Data items
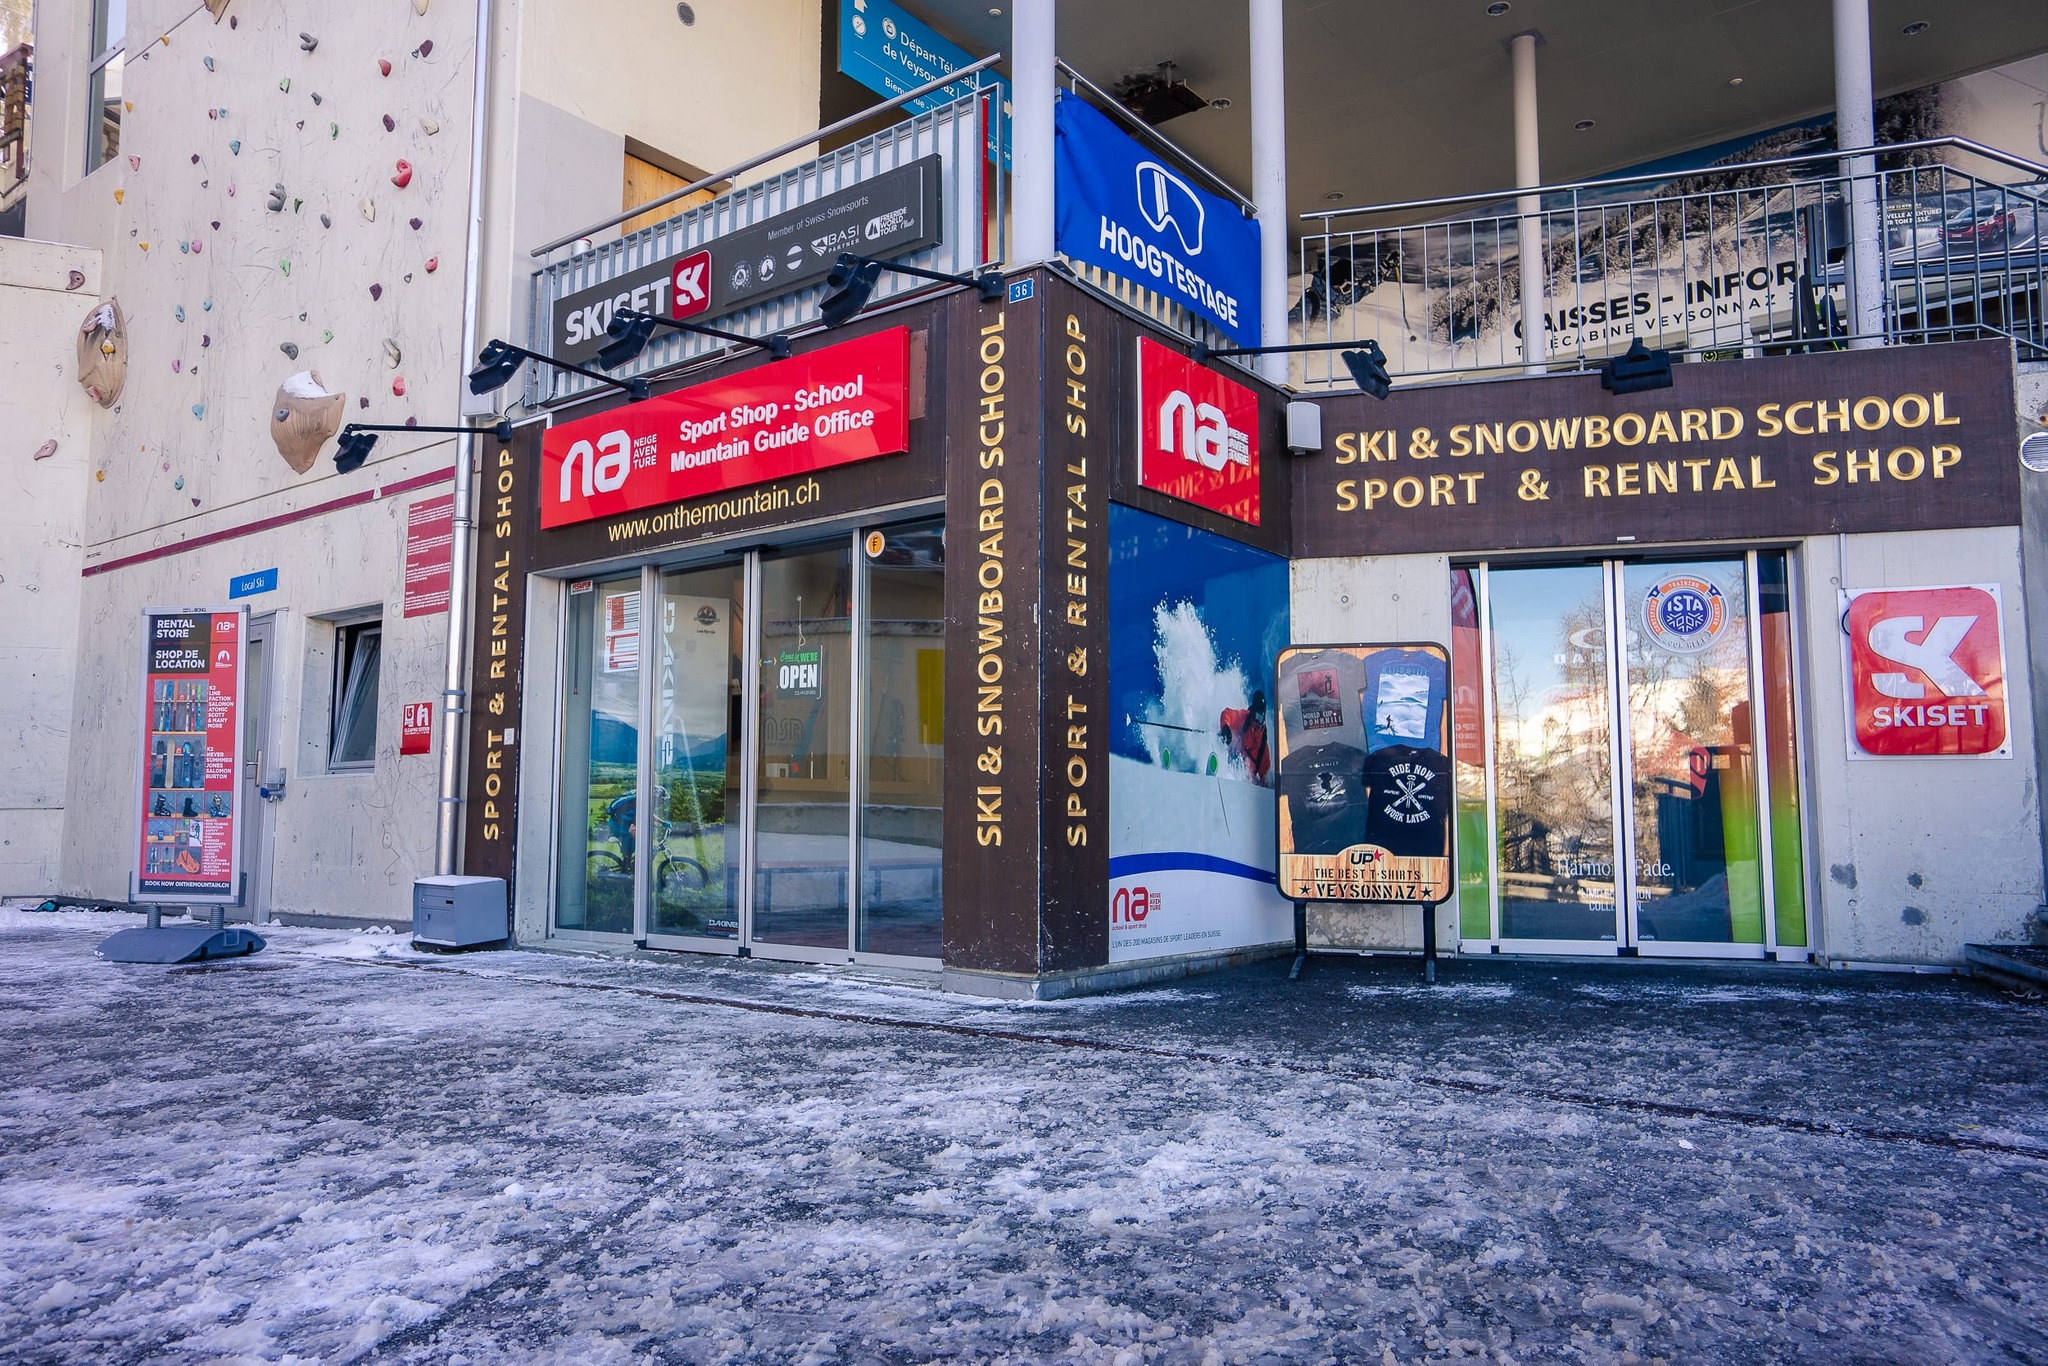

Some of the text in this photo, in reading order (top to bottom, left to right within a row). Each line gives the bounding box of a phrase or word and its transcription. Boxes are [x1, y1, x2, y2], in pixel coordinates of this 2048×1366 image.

[883, 43, 898, 60] de
[900, 31, 937, 66] Départ
[768, 196, 869, 241] Member of Swiss Snowsports
[880, 206, 908, 222] FREERIDE
[880, 216, 904, 228] WORLD
[828, 225, 860, 246] BASI
[880, 225, 898, 236] TOUR
[828, 238, 860, 254] PARTNER
[1100, 214, 1239, 328] HOOGTESTAGE
[676, 262, 706, 306] SK
[1015, 283, 1028, 298] 36
[1645, 293, 1777, 330] VEYSONNAZ
[680, 412, 727, 443] Sport
[730, 401, 778, 428] Shop
[794, 374, 863, 410] School
[1160, 390, 1249, 472] na NEIGE
[1334, 391, 1961, 465] SKI & SNOWBOARD SCHOOL
[670, 408, 875, 473] Mountain Guide Office
[1228, 437, 1249, 456] AVEN
[633, 444, 657, 459] AVEN
[1228, 450, 1249, 466] TURE
[560, 429, 657, 503] na NEIGE
[633, 456, 657, 470] TURE
[1336, 444, 1962, 512] SPORT & RENTAL SHOP
[608, 477, 821, 542] www.onthemountain.ch
[242, 576, 264, 592] Local Ski
[977, 312, 1005, 847] SKI & SNOWBOARD SCHOOL
[1066, 314, 1087, 847] SPORT & RENTAL SHOP
[156, 629, 190, 638] STORE
[157, 620, 196, 628] RENTAL
[484, 448, 514, 841] SPORT & RENTAL SHOP
[156, 650, 198, 659] SHOP DE
[156, 660, 205, 668] LOCATION
[1554, 650, 1655, 664] OAKEY
[1867, 615, 1988, 700] SK
[779, 664, 818, 690] OPEN
[1304, 711, 1320, 720] WORLD
[1872, 704, 1989, 728] SKISET
[1388, 763, 1436, 782] RIDE NOW
[1384, 804, 1430, 824] WORK LATER
[1350, 852, 1374, 865] UP
[1636, 858, 1675, 877] Fade.
[1314, 868, 1334, 878] THE
[1338, 868, 1365, 880] BEST
[1316, 883, 1416, 900] VEYSONNAZ
[1112, 886, 1149, 924] na
[708, 919, 738, 928] DAKINE
[1138, 922, 1148, 930] shop
[1140, 936, 1163, 946] MAGASINS
[1164, 936, 1170, 944] DE
[1170, 934, 1182, 943] SPORT
[1184, 932, 1202, 940] LEADERS
[1208, 930, 1222, 938] SUISSE
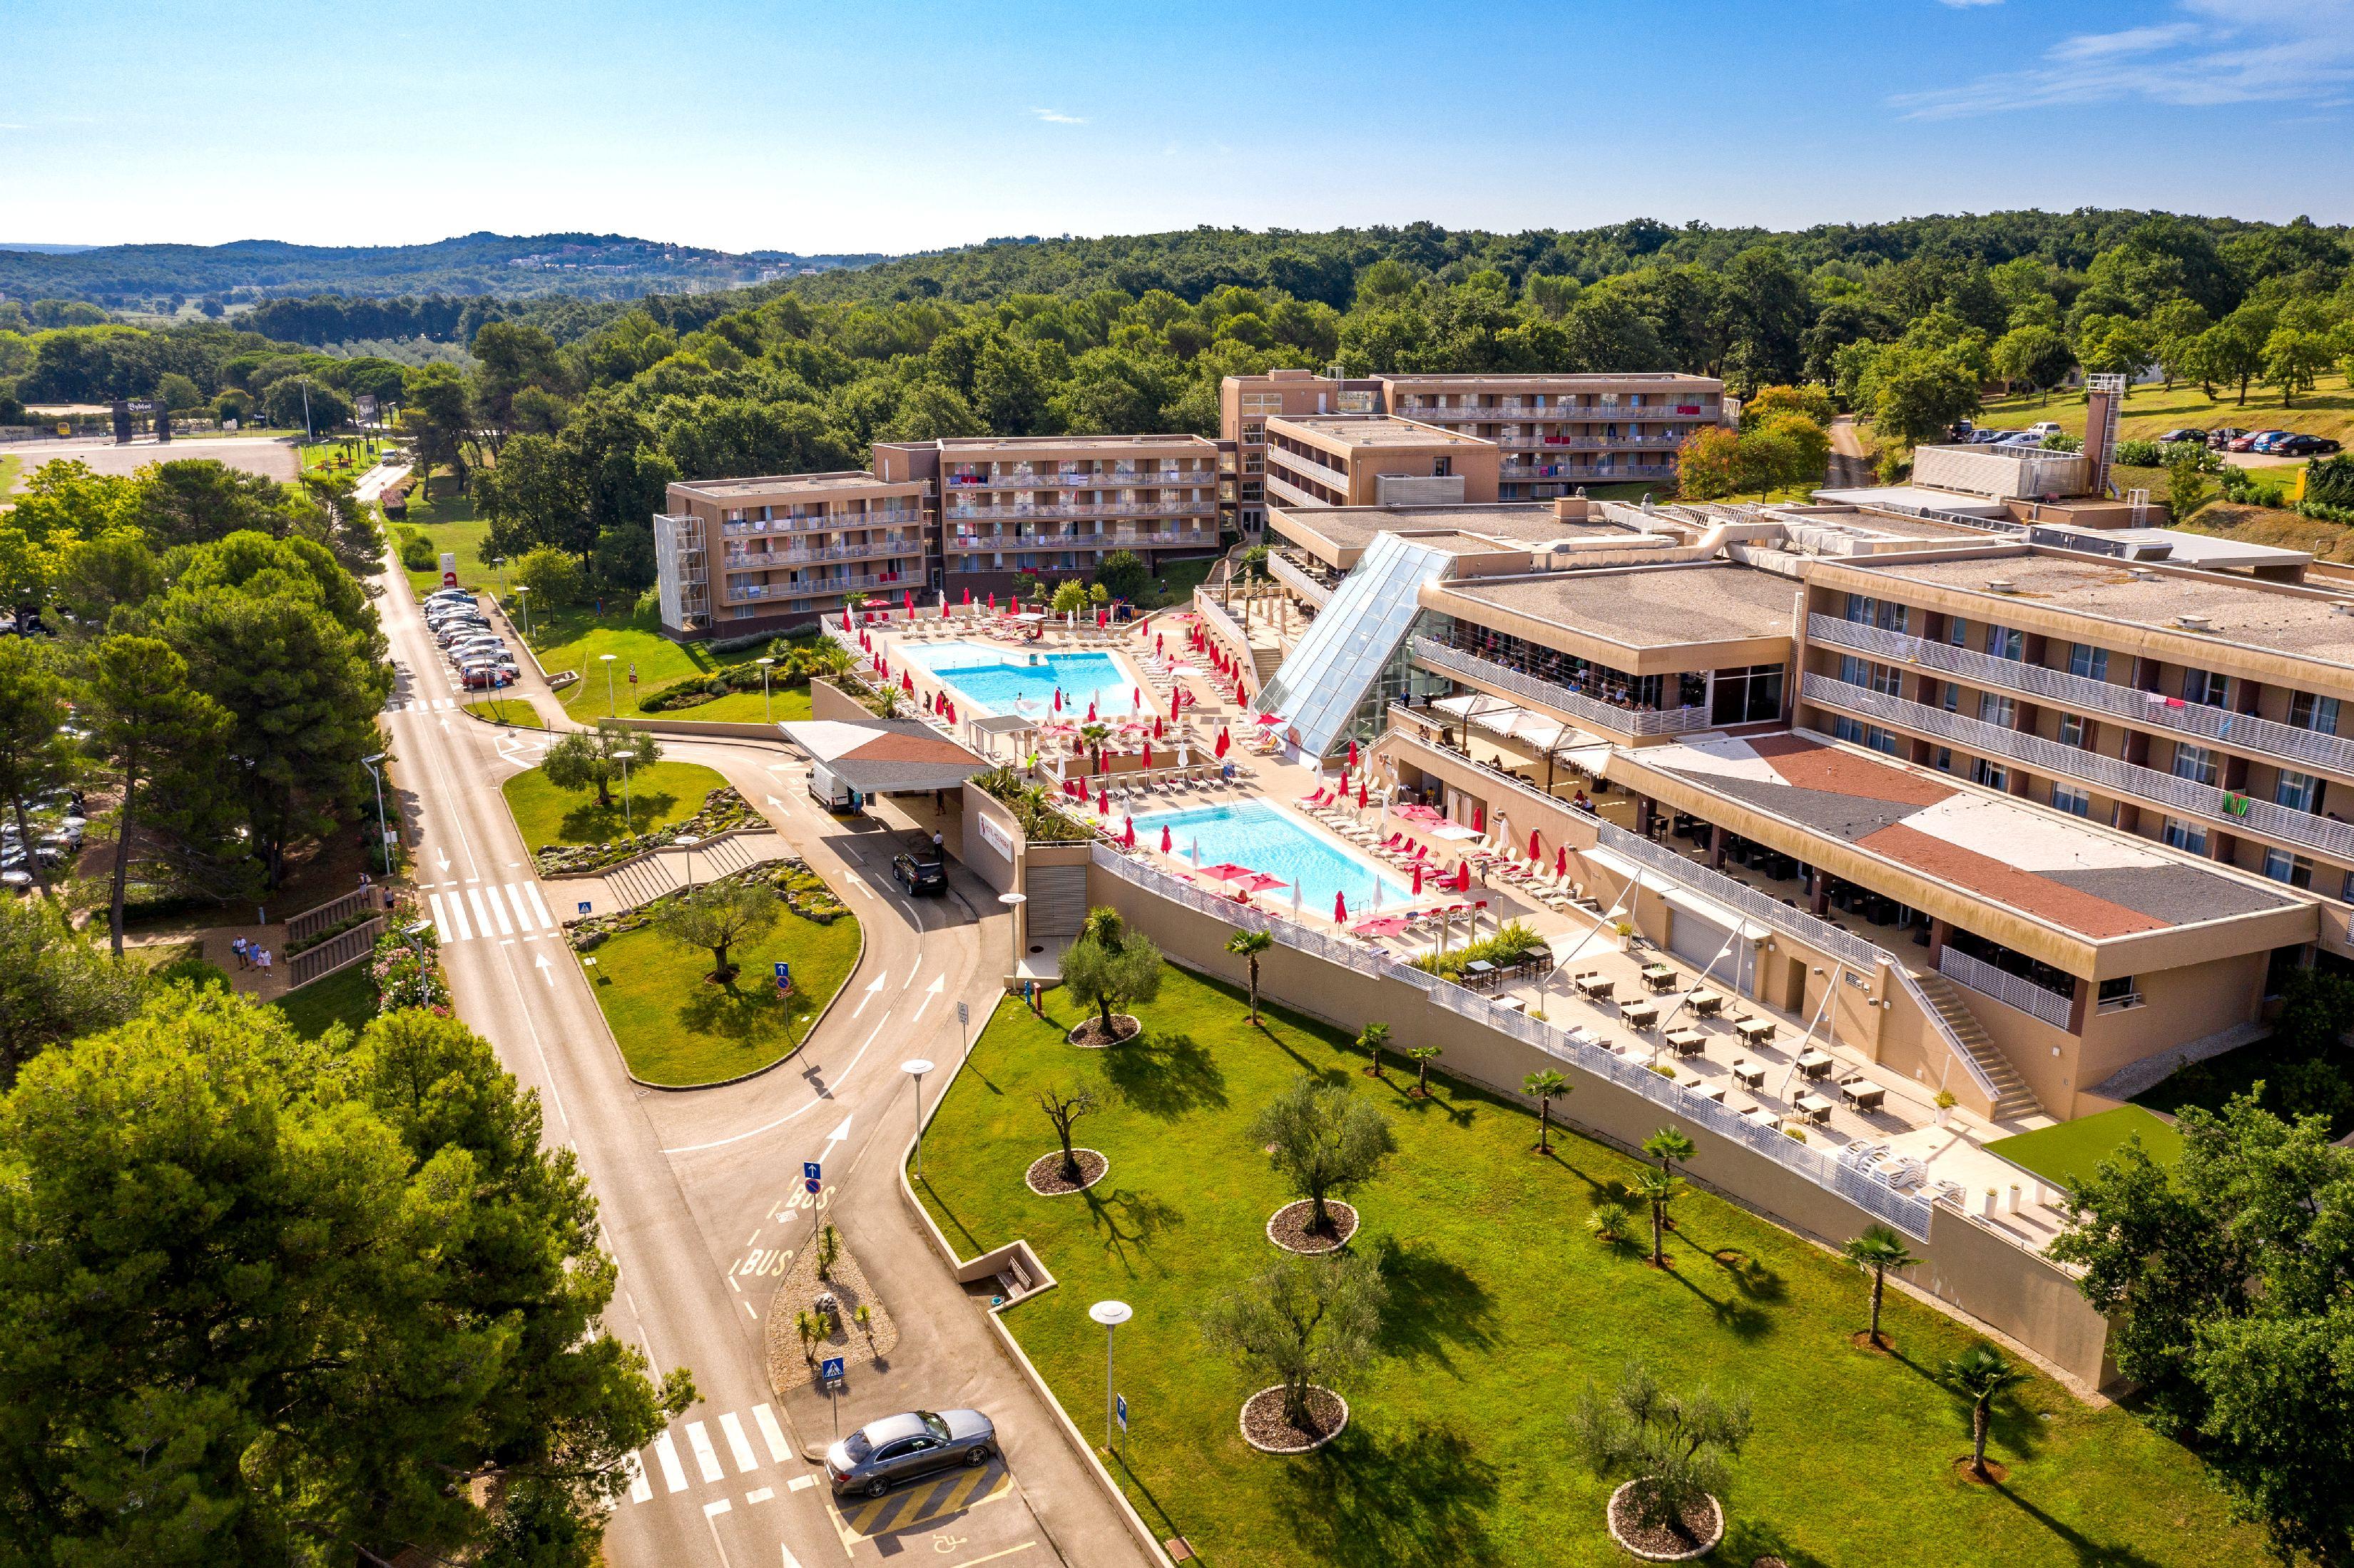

▸ **Instructions for the task**
Would you restate the records above word for word and exclude the pictures?

▸ **Result below**
Some of the text in this photo, in reading order (top to bottom, left to right within a row). Each line gives the bounding box of a phrase or word and its transcription. Boxes are [x1, y1, x2, y2], in pixel coordinates of this 2048×1366 image.

[883, 43, 898, 60] de
[900, 31, 937, 66] Départ
[768, 196, 869, 241] Member of Swiss Snowsports
[880, 206, 908, 222] FREERIDE
[880, 216, 904, 228] WORLD
[828, 225, 860, 246] BASI
[880, 225, 898, 236] TOUR
[828, 238, 860, 254] PARTNER
[1100, 214, 1239, 328] HOOGTESTAGE
[676, 262, 706, 306] SK
[1015, 283, 1028, 298] 36
[1645, 293, 1777, 330] VEYSONNAZ
[680, 412, 727, 443] Sport
[730, 401, 778, 428] Shop
[794, 374, 863, 410] School
[1160, 390, 1249, 472] na NEIGE
[1334, 391, 1961, 465] SKI & SNOWBOARD SCHOOL
[670, 408, 875, 473] Mountain Guide Office
[1228, 437, 1249, 456] AVEN
[633, 444, 657, 459] AVEN
[1228, 450, 1249, 466] TURE
[560, 429, 657, 503] na NEIGE
[633, 456, 657, 470] TURE
[1336, 444, 1962, 512] SPORT & RENTAL SHOP
[608, 477, 821, 542] www.onthemountain.ch
[242, 576, 264, 592] Local Ski
[977, 312, 1005, 847] SKI & SNOWBOARD SCHOOL
[1066, 314, 1087, 847] SPORT & RENTAL SHOP
[156, 629, 190, 638] STORE
[157, 620, 196, 628] RENTAL
[484, 448, 514, 841] SPORT & RENTAL SHOP
[156, 650, 198, 659] SHOP DE
[156, 660, 205, 668] LOCATION
[1554, 650, 1655, 664] OAKEY
[1867, 615, 1988, 700] SK
[779, 664, 818, 690] OPEN
[1304, 711, 1320, 720] WORLD
[1872, 704, 1989, 728] SKISET
[1388, 763, 1436, 782] RIDE NOW
[1384, 804, 1430, 824] WORK LATER
[1350, 852, 1374, 865] UP
[1636, 858, 1675, 877] Fade.
[1314, 868, 1334, 878] THE
[1338, 868, 1365, 880] BEST
[1316, 883, 1416, 900] VEYSONNAZ
[1112, 886, 1149, 924] na
[708, 919, 738, 928] DAKINE
[1138, 922, 1148, 930] shop
[1140, 936, 1163, 946] MAGASINS
[1164, 936, 1170, 944] DE
[1170, 934, 1182, 943] SPORT
[1184, 932, 1202, 940] LEADERS
[1208, 930, 1222, 938] SUISSE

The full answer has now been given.